4. It’s possible to safely bedshare, and abstinence only messaging around bedsharing is not effective. We know that ~70% of parents will bedshare at a point in time and sitting on a couch to feed and falling asleep or accidentally falling asleep in bed propped up with pillows and blankets is exponentially more dangerous than intentionally setting up a safe sleep space. A 2022 report* out of the UK of over 6,000 infant and child deaths has found that of the 711 SUID (Sudden Unexplained Infant Deaths) occurrences, 60% of those specifically on a shared sleep surface involved unplanned co sleeping, and of those, 92% had unsafe factors present. The Safe Sleep 7** are a widely shared resource to help mitigate any risks with bedsharing, and the countries that advocate and educate for safe bedsharing have some of the lowest SIDS rates in the world.
5. Colic is a symptom, not a diagnosis.One of the most overwhelming things newborn life can throw at you, and one of the most unhelpful diagnoses to receive. Previously defined as a period of crying for 3 + hours a day, at least 3 days a week for at least 3 weeks, colic is a bit of an ‘oh well’ used by providers when the root cause is unknown and further investigation hasn’t been undertaken. Oftentimes parents are asked to take a wait and see approach, but ‘common’ does not equal ‘normal’ and waiting it out can have detrimental effects on everyone involved. If you believe your baby is crying more than they should, here are some things to consider.
+ allergies and intolerances for mum and baby. Amongst others, dairy and gluten are common culprits. Be mindful that a lot of formulas are dairy based and seek support from your trusted health professional to investigate this as a cause.

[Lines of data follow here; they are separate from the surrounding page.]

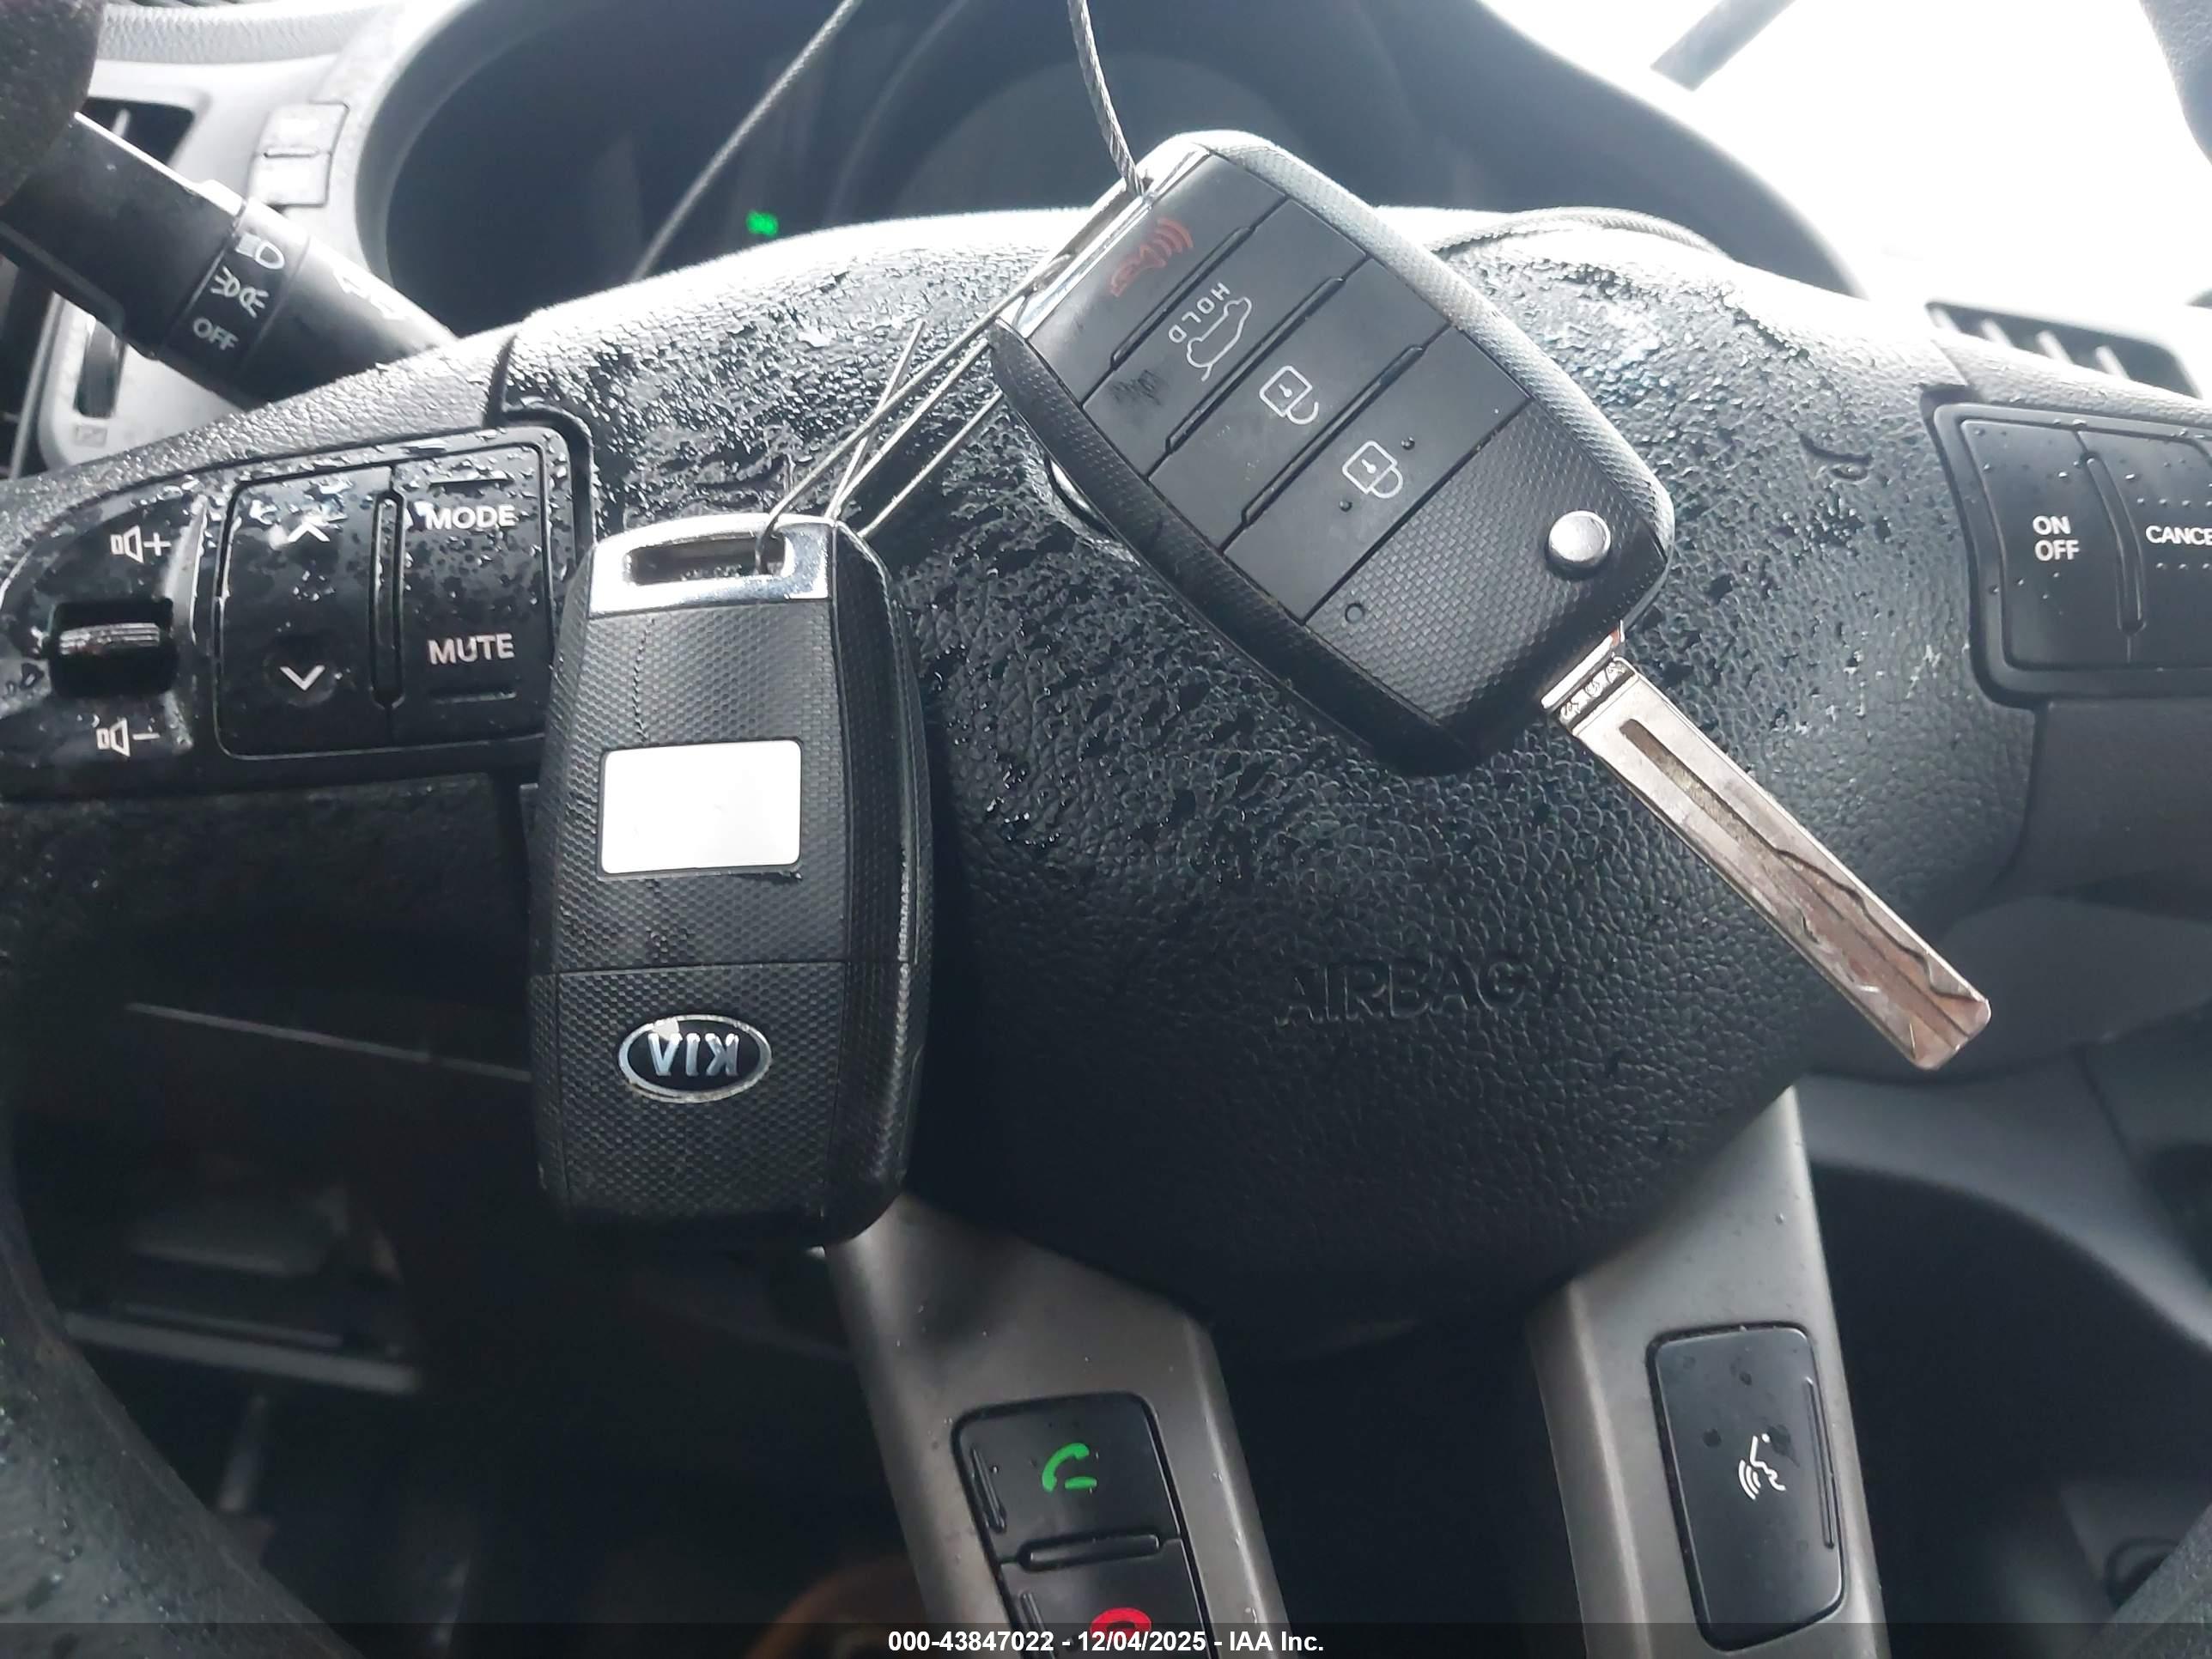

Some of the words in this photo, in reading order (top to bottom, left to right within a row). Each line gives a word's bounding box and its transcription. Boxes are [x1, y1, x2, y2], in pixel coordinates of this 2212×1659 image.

[1169, 282, 1231, 343] HOLD
[192, 317, 240, 350] OFF
[425, 504, 518, 530] MODE
[2033, 515, 2071, 535] ON
[2034, 539, 2080, 562] OFF
[428, 633, 515, 665] MUTE
[1274, 957, 1532, 1026] AIRBAG
[647, 1032, 739, 1077] KIA

+ gut imbalances. Many studies have shown probiotic supplementation with Lactobacillus reuterito reduce daily median crying times in babies with colic, compared to placebo.

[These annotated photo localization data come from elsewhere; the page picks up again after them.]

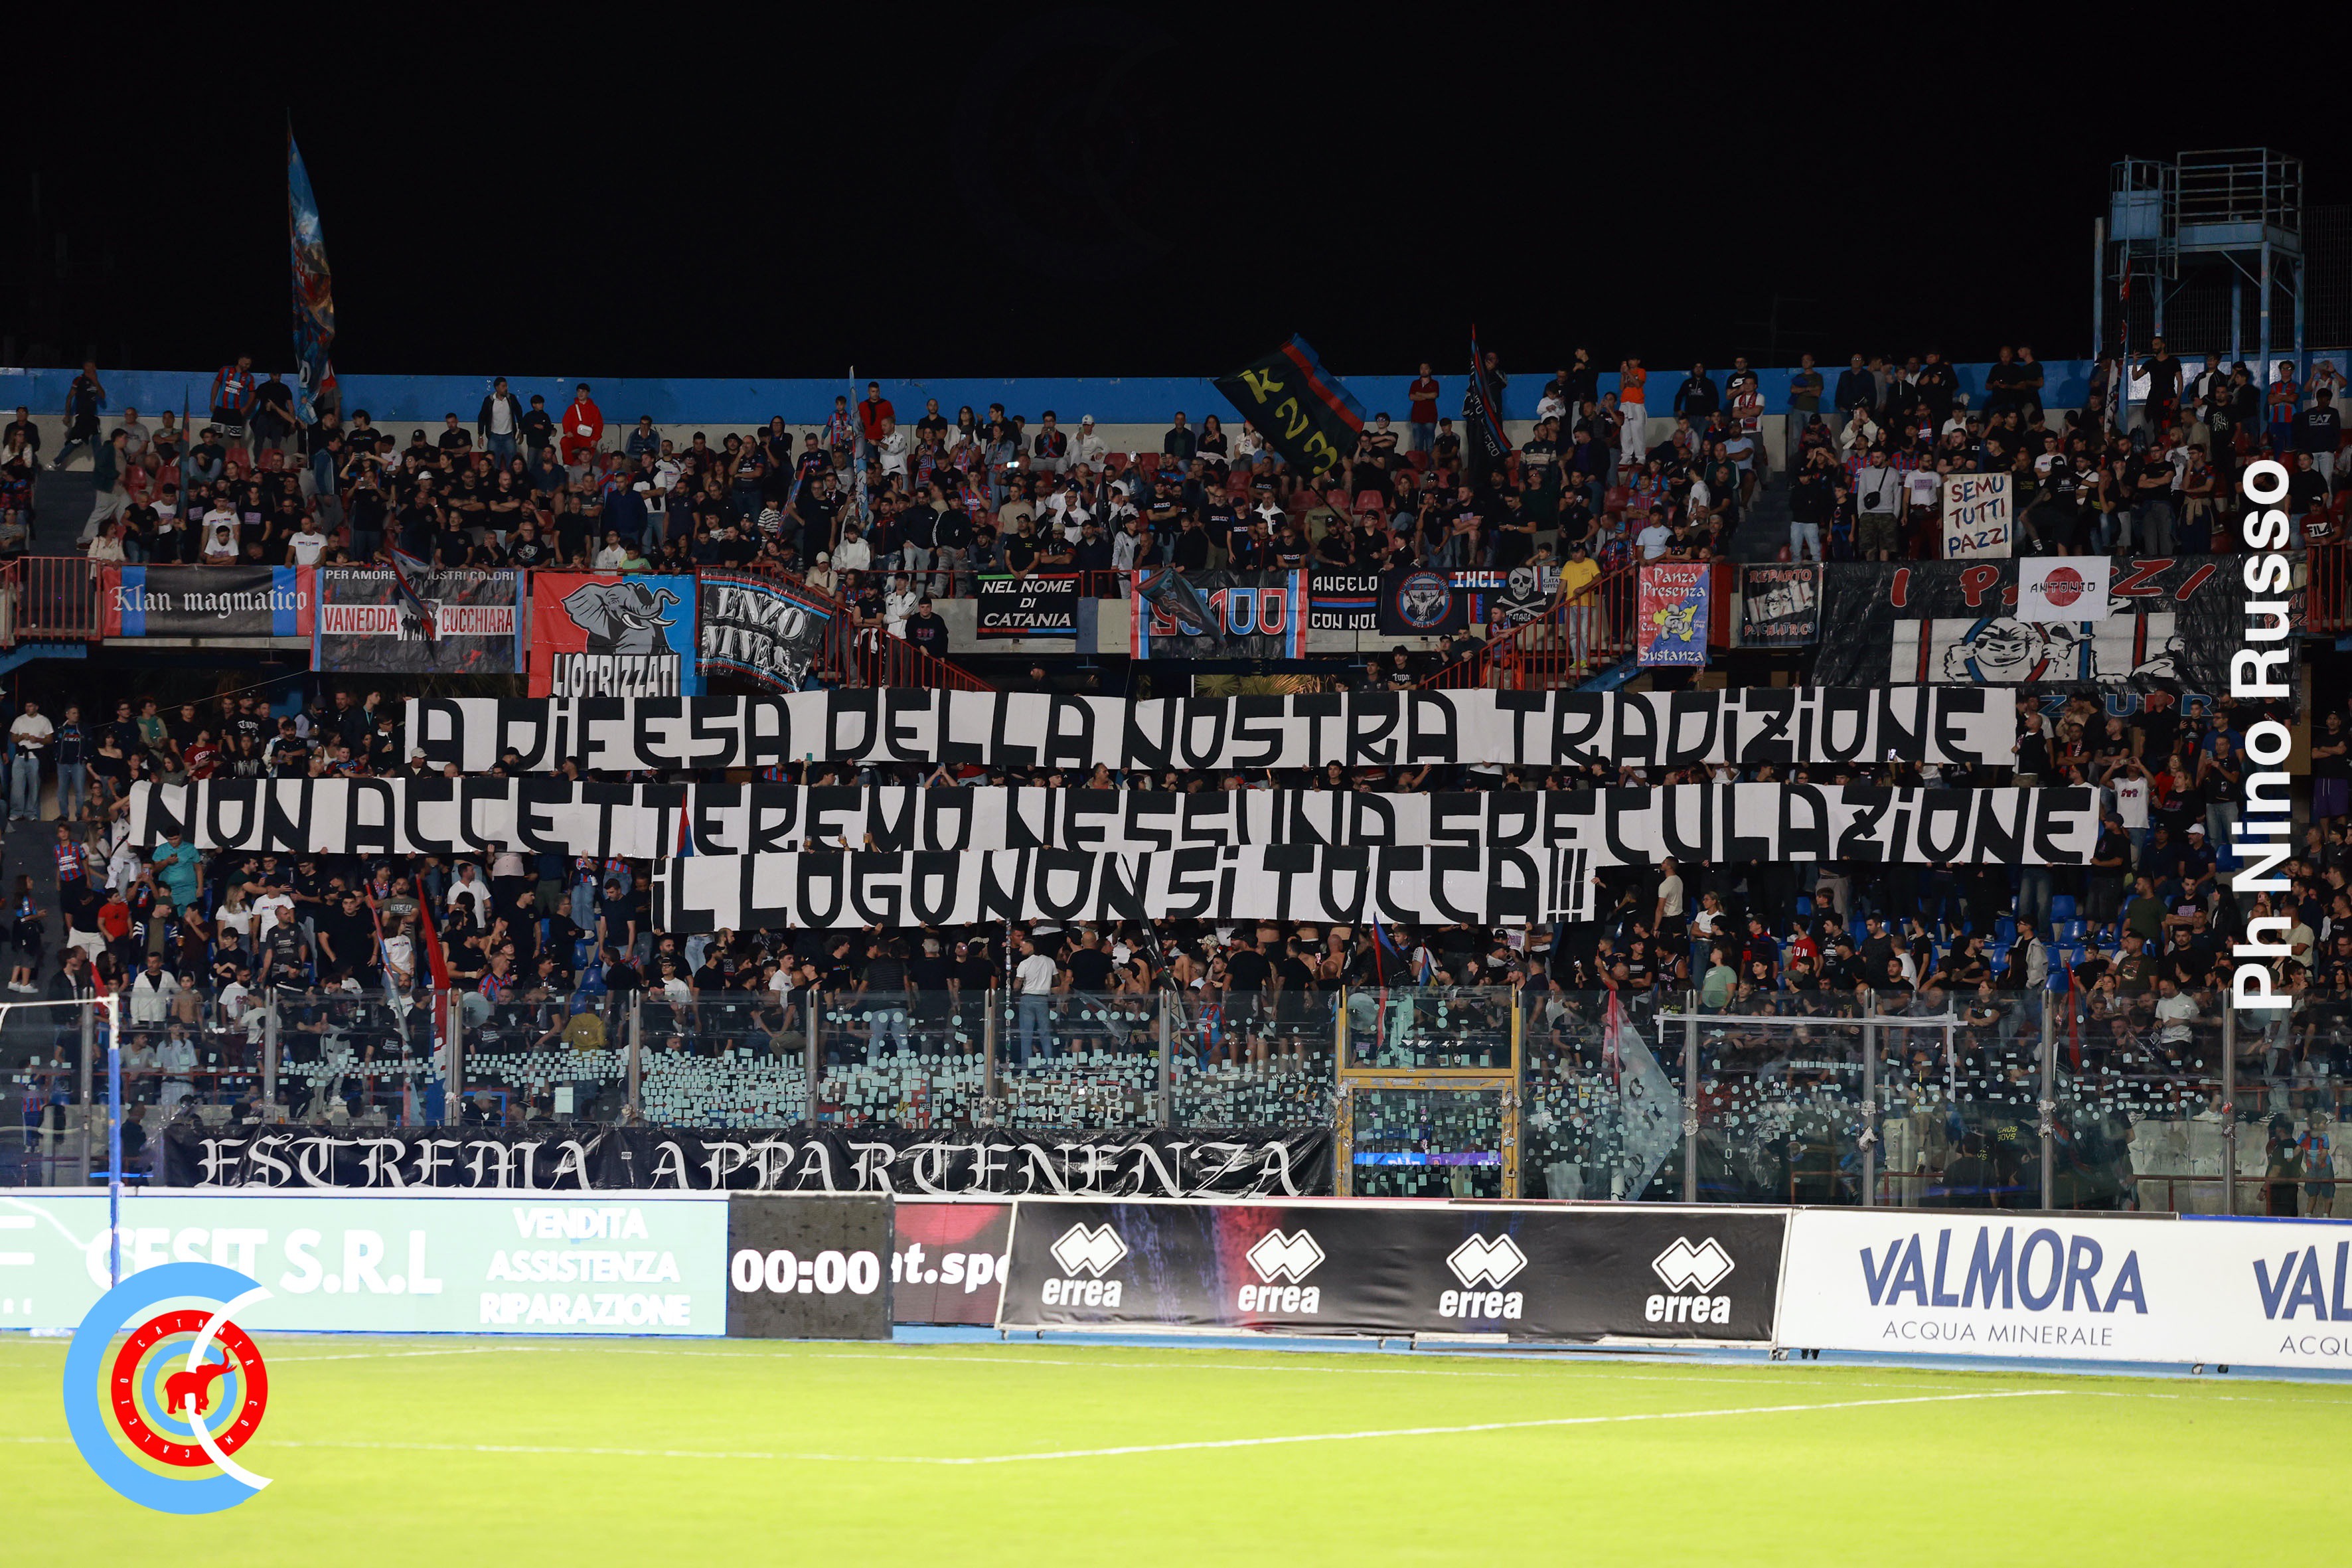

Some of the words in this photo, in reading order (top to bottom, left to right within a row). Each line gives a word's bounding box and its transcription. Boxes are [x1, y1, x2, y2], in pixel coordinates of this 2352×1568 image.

[2309, 414, 2331, 423] EA7
[1952, 475, 2004, 503] SEMU
[1949, 500, 2005, 525] TUTTI
[1948, 524, 2008, 553] PAZZI
[325, 570, 349, 580] PER
[352, 570, 396, 580] AMORE
[469, 571, 514, 581] COLORI
[981, 581, 1021, 593] NEL
[1024, 580, 1075, 593] NOME
[1312, 576, 1378, 591] ANGELO
[1642, 582, 1706, 597] Presenza
[1653, 568, 1698, 583] Panza
[1749, 568, 1812, 584] REPARTO
[1890, 567, 1910, 607] I
[2030, 582, 2096, 595] ANTONIO
[183, 584, 308, 620] magmatico
[716, 587, 807, 641] ENZO
[1020, 597, 1036, 608] DI
[323, 607, 398, 632] VANEDDA
[441, 608, 513, 633] CUCCHIARA
[983, 613, 1071, 627] CATANIA
[1312, 613, 1341, 629] CON
[1349, 613, 1376, 629] NOI
[1744, 621, 1815, 637] PSICHIATRICO
[704, 625, 774, 666] VIVE
[1639, 646, 1704, 662] Sustanza
[552, 652, 682, 698] LIOTRIZZATI
[417, 698, 465, 762] A
[825, 687, 1095, 768] DELLA
[1131, 689, 1457, 768] NOSTRA
[145, 778, 313, 852] NON
[345, 778, 973, 858] ACCETTEREMO
[1006, 787, 1395, 852] NESSUNA
[739, 850, 961, 928] LOGO
[977, 847, 1152, 922] NON
[196, 1134, 592, 1190] ESTREMA
[649, 1138, 1304, 1199] APPARTENENZA
[513, 1208, 648, 1240] VENDITA
[279, 1228, 443, 1294] S.R.L
[485, 1250, 681, 1284] ASSISTENZA
[731, 1249, 881, 1294] 00:00
[1859, 1226, 2149, 1315] VALMORA
[479, 1293, 691, 1326] RIPARAZIONE
[1882, 1320, 1976, 1342] ACQUA
[1991, 1324, 2113, 1347] MINERALE

+ excessive swallowing of air (aerophagia). Check for tongue ties, lip ties, poor latch if breastfeeding. Consult with practitioners trained in oral ties and an IBCLC to assist with any feeding challenges.
+ body tightness/pain/injury & birth trauma. A fast birth, assisted delivery, extended amounts of compression in the birth canal. Body work with an osteopath, chiropractor or craniosacral therapist can be hugely beneficial.
If you’re navigating an unsettled newborn, try to find a practitioner who is willing to dive deep in the trenches with you and find a way forward. And most importantly, know you are doing so well. Take some time for yourself because no one can pour from an empty cup.